Kehamilan ektopik adalah kehamilan dengan implantasi terjadi diluar
rongga uterus, tuba falopii merupakan tempat tersering untuk terjadinya
implantasi kehamilan ektopik,sebagian besar kehamilan ektopik berlokasi di
tuba,jarang terjadi implantasi pada ovarium,rongga perut,kanalis servikalis
uteri,tanduk uterus yang rudimenter dan divertikel pada uterus.(Sarwono
Prawiroharjho, 2005)
Kehamilan ektopik adalah kehamilan dengan implantasi terjadi di luar
rongga uterus.
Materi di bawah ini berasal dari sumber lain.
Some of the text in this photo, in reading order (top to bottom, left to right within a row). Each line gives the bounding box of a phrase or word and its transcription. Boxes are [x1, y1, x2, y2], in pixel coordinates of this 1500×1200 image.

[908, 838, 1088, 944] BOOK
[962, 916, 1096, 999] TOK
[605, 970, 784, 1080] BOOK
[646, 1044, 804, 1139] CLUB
Tuba fallopi merupakan tempat tersering untuk terjadinya
implantasi kehamilan ektopik (lebih besar dari 90 %). (Maryunanni Anik Yulianingsih.
2009)
Kehamilan ektopik adalah
kehamilan dengan implantasi terjadi di luar rongga uterus (Panduan Praktis
Pelayanan Kesehatan Meternal dan Neonatal, 2001).
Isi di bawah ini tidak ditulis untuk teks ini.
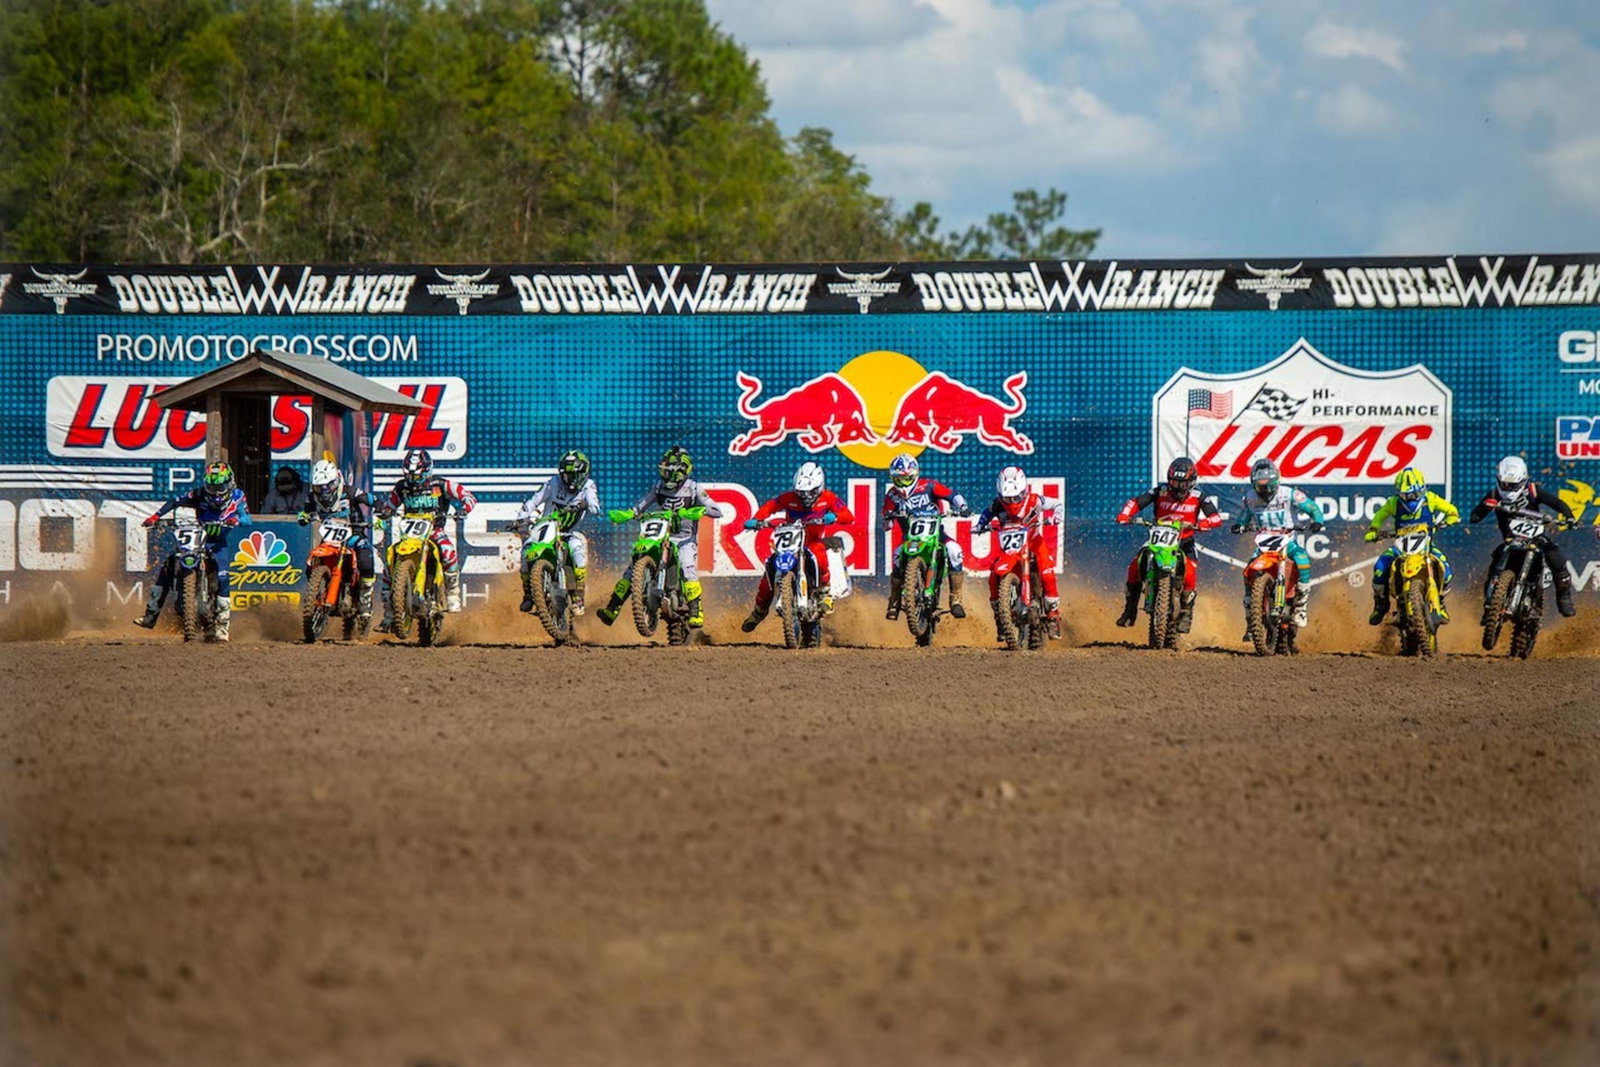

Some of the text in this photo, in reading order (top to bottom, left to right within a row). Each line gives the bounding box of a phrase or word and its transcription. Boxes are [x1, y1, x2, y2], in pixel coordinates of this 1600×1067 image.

[96, 333, 419, 361] PROMOTOCROSS.COM
[1312, 387, 1336, 400] HI-
[63, 383, 313, 451] LUCS
[1311, 404, 1440, 417] PERFORMANCE
[1193, 424, 1434, 478] LUCAS
[323, 526, 348, 541] 719
[405, 520, 428, 535] 79
[538, 527, 552, 542] 1
[645, 522, 663, 537] 9
[910, 520, 937, 536] 61
[1002, 533, 1025, 550] 23
[1151, 530, 1177, 545] 647
[1258, 535, 1285, 551] 4
[1401, 534, 1426, 552] 17
[228, 561, 303, 590] Sports
Kehamilan ektopik adalah kehamilan yang di
tandai dengan terjadinya implantasi di luar endometrium kavum uteri setelah
fertilisasi (Acuan Nasional Pelayanan Kesehatan Maternal dan Neonatal, 2001).
2.2 Etiologi
Etiologi kehamilan ektopik terganggu telah banyak diselidiki, tetapi
sebagian besar penyebabnya tidak diketahui. Trijatmo
Rachimhadhi dalam bukunya menjelaskan beberapa faktor yang berhubungan
dengan penyebab kehamilan ektopik terganggu:
1.Faktor
mekanis
Hal-hal yang
mengakibatkan terhambatnya perjalanan ovum yang dibuahi ke dalam kavum uteri,
antara lain:
-Salpingitis, terutama endosalpingitis yang menyebabkan aglutinasi silia
lipatan mukosa tuba dengan penyempitan saluran atau pembentukan kantong-kantong
buntu. Berkurangnya silia mukosa tuba sebagai akibat infeksi juga menyebabkan
implantasi hasil zigot pada tuba falopii.
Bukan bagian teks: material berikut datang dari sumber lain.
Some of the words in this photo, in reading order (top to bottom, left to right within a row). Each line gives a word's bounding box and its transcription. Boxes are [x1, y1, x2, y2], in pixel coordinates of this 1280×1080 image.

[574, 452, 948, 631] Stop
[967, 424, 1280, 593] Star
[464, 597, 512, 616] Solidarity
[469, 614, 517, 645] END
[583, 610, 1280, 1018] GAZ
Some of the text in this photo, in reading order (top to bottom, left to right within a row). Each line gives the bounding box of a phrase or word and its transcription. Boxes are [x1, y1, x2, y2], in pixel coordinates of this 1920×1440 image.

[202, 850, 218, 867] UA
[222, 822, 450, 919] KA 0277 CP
-Adhesi peritubal setelah infeksi pasca abortus/ infeksi pasca nifas,
apendisitis, atau endometriosis, yang menyebabkan tertekuknya tuba atau
penyempitan lumen
-Kelainan pertumbuhan tuba, terutama divertikulum, ostium asesorius dan
hipoplasi. Namun ini jarang terjadi
-Bekas operasi tuba memperbaiki fungsi tuba atau terkadang kegagalan
usaha untuk memperbaiki patensi tuba pada sterilisasi
-Tumor yang merubah bentuk tuba seperti mioma uteri dan adanya benjolan
pada adneksia
-Penggunaan IUD
2. Faktor
Fungsional
-Migrasi eksternal ovum terutama pada kasus perkembangan duktus mulleri
yang abnormal
-Refluks menstruasi
-Berubahnya motilitas tuba karena perubahan kadar hormon estrogen dan
progesteron
3.Peningkatan
daya penerimaan mukosa tuba terhadap ovum yang dibuahi.
4.Hal lain
seperti; riwayat KET dan riwayat abortus induksi sebelumnya.
2.3 Klasifikasi
Sarwono Prawirohardjo dan Cuningham
masing-masing dalam bukunya mengklasifikasikan kehamilan ektopik berdasarkan
lokasinya antara lain:
1.Tuba
Fallopii
1) Pars-interstisialis
2) Isthmus
3) Ampula
4) Infundibulum
5) Fimbrae
2.Uterus
a) Kanalis servikalis
b) Divertikulum
c) Kornu
d) Tanduk rudimenter
3.Ovarium
4.Intraligamenter
5.Abdominal
a) Primer
b) Sekunder
6.Kombinasi
kehamilan dalam dan luar uterus.
2.4 Patofisiologi
Tempat-tempat implantasi kehamilan ektopik antara
lain ampula tuba (lokasi tersering, ismust, fimbriae, pars interstisialis,
kornu uteri, ovarium, rongga abdomen, serviks dan ligamentum kardinal. Zigot
dapat berimplantasi tepat pada sel kolumnar tuba maupun secara intercolumnar.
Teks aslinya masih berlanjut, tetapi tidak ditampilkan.